The legal term community property refers to assets that were acquired during a marriage. Community property law gives equal ownership to all assets, regardless of who acquired them. This law applies to financial assets, including retirement accounts, real estate, personal property (such a vehicle), income, and even debt.


What’s not considered community property?


Some cases may be exempt from the application of community property laws, depending on state laws. These are the most common exclusions:


  • Property acquired prior to a marriage.


  • Property listed in a prenuptial arrangement.


  • A property acquired in a state that does not have community property laws. There are exceptions to the rule depending on where you live. More details later.


  • Inheritance or gifts received by one spouse.


Is my home in a state of community property?


Currently, there are nine states in the United States that have community-property laws:


  • California.


  • Louisiana.


  • New Mexico.


  • Washington.


  • Wisconsin.


Every state has its own rules and regulations regarding community property and how to approach living arrangements. Some states may recognize domestic partnership agreements under the community property law. This means that you don’t have to be married to make the law apply.


There are also states with optional community property trust laws that allow married couples to convert their assets into community property. Spouses in Alaska, Florida Florida Kentucky South Dakota Tennessee can choose to share some or all of the assets that are subject to community property laws. Most states require that married couples establish a community trust in order to hold assets.

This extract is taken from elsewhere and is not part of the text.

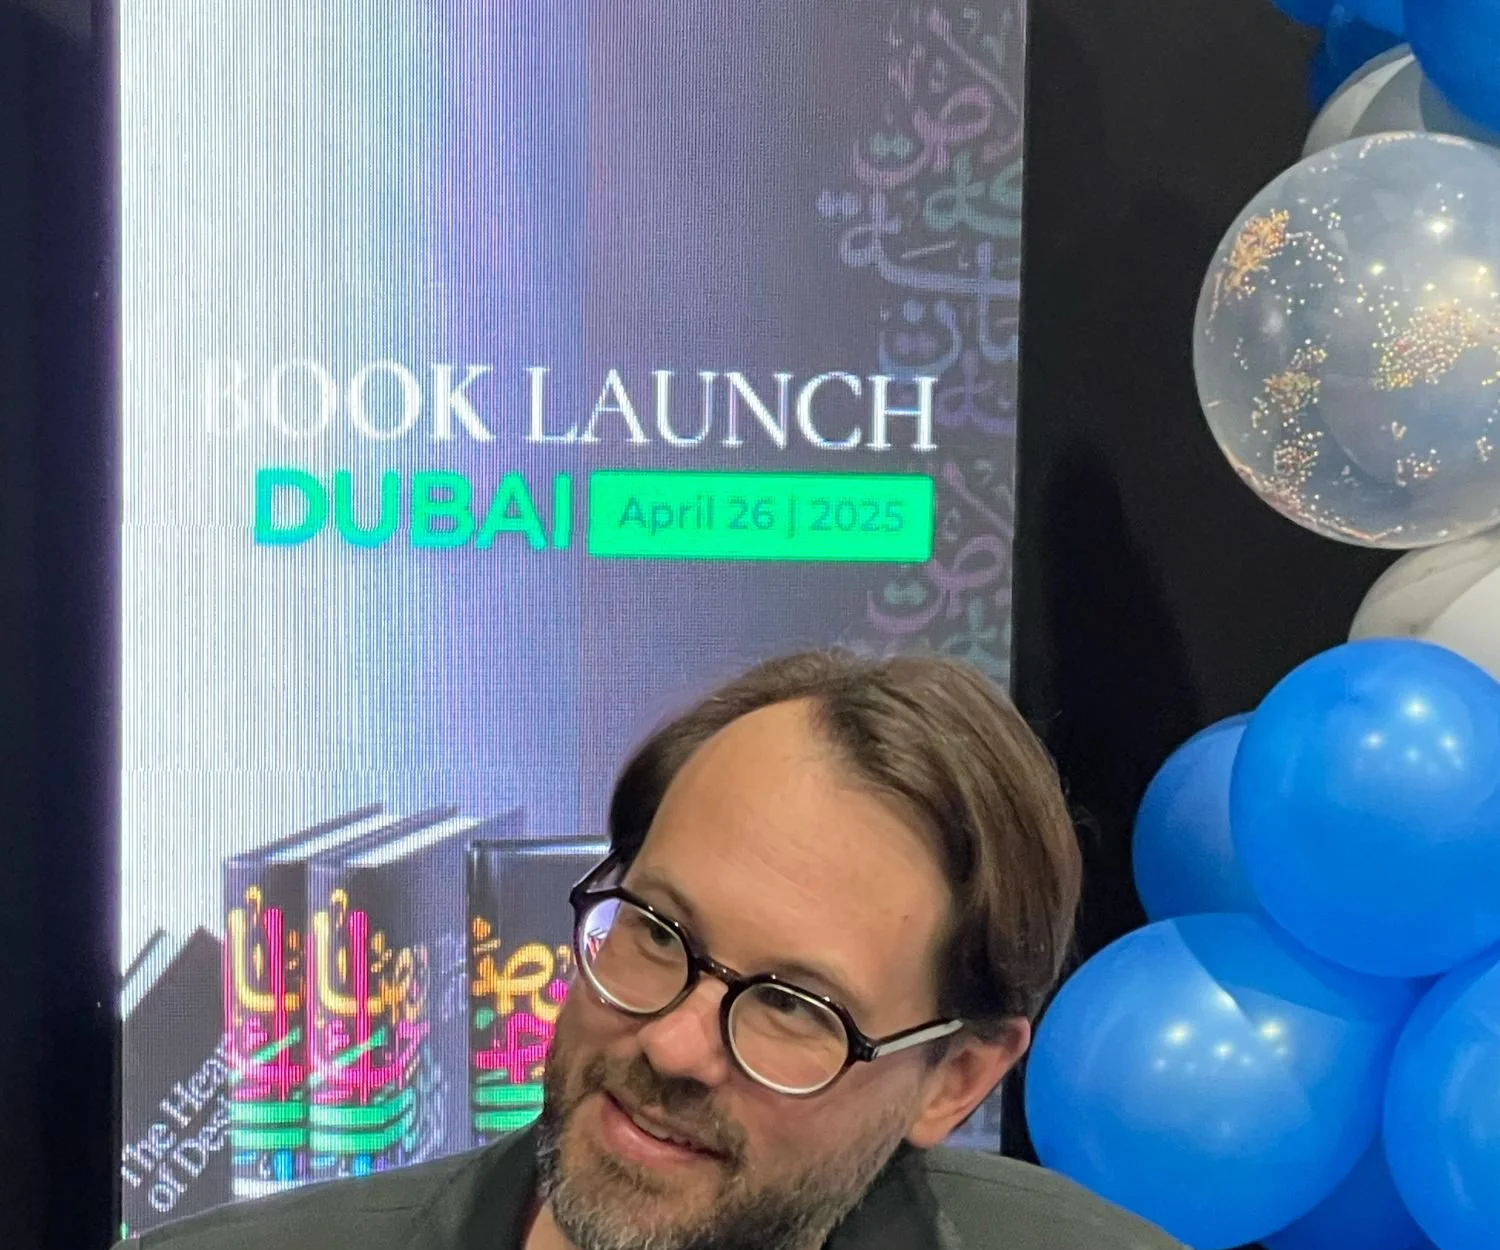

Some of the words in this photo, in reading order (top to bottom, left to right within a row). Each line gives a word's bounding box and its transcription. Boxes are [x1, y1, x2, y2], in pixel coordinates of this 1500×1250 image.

Joint-owned agreements that give equal ownership to spouses are called community property trusts. A community property trust has the advantage that, in the event of the death of one spouse, the surviving spouse will receive a stepped up cost basis equal to the current market value of all assets. The surviving spouse can replace the original purchase price of the asset with the current market value, which can reduce capital gains tax.


What happens if I move to another state?


The community property arrangement will be terminated if you move from a state of community property to one of common law.


Any property that you take with you to California, Idaho or Washington will automatically fall under the state’s community property laws if you move from a common-law state to one of these states. You and your spouse can decide to change the property ownership if you move to Arizona, Louisiana Nevada, New Mexico, Texas or Nevada.


Estate planning influenced by community property


You can’t leave more than 50% of the assets that you have acquired in a community property estate to your spouse if you are married. Moreover, either spouse cannot sell or give away any community property without consent from the other spouse.


All retirement accounts that are funded after a marriage must list the surviving spouse the sole beneficiary, unless an agreement is made and signed by both spouses.


Divorce terminates community property terms


To legally end the community property estate, most states require that a divorce decree be filed. This is true even if the spouses are no longer living together. Only Washington and California recognize physical separation with an intention to divorcing as grounds to terminate a community property estate.


Property is not required to be kept separate in common law states


Common law states treat marital property differently. Each spouse has full ownership of any assets or property that they have acquired apart from the other. Common law states allow spouses to agree to divide property, as long as both sides sign a written agreement.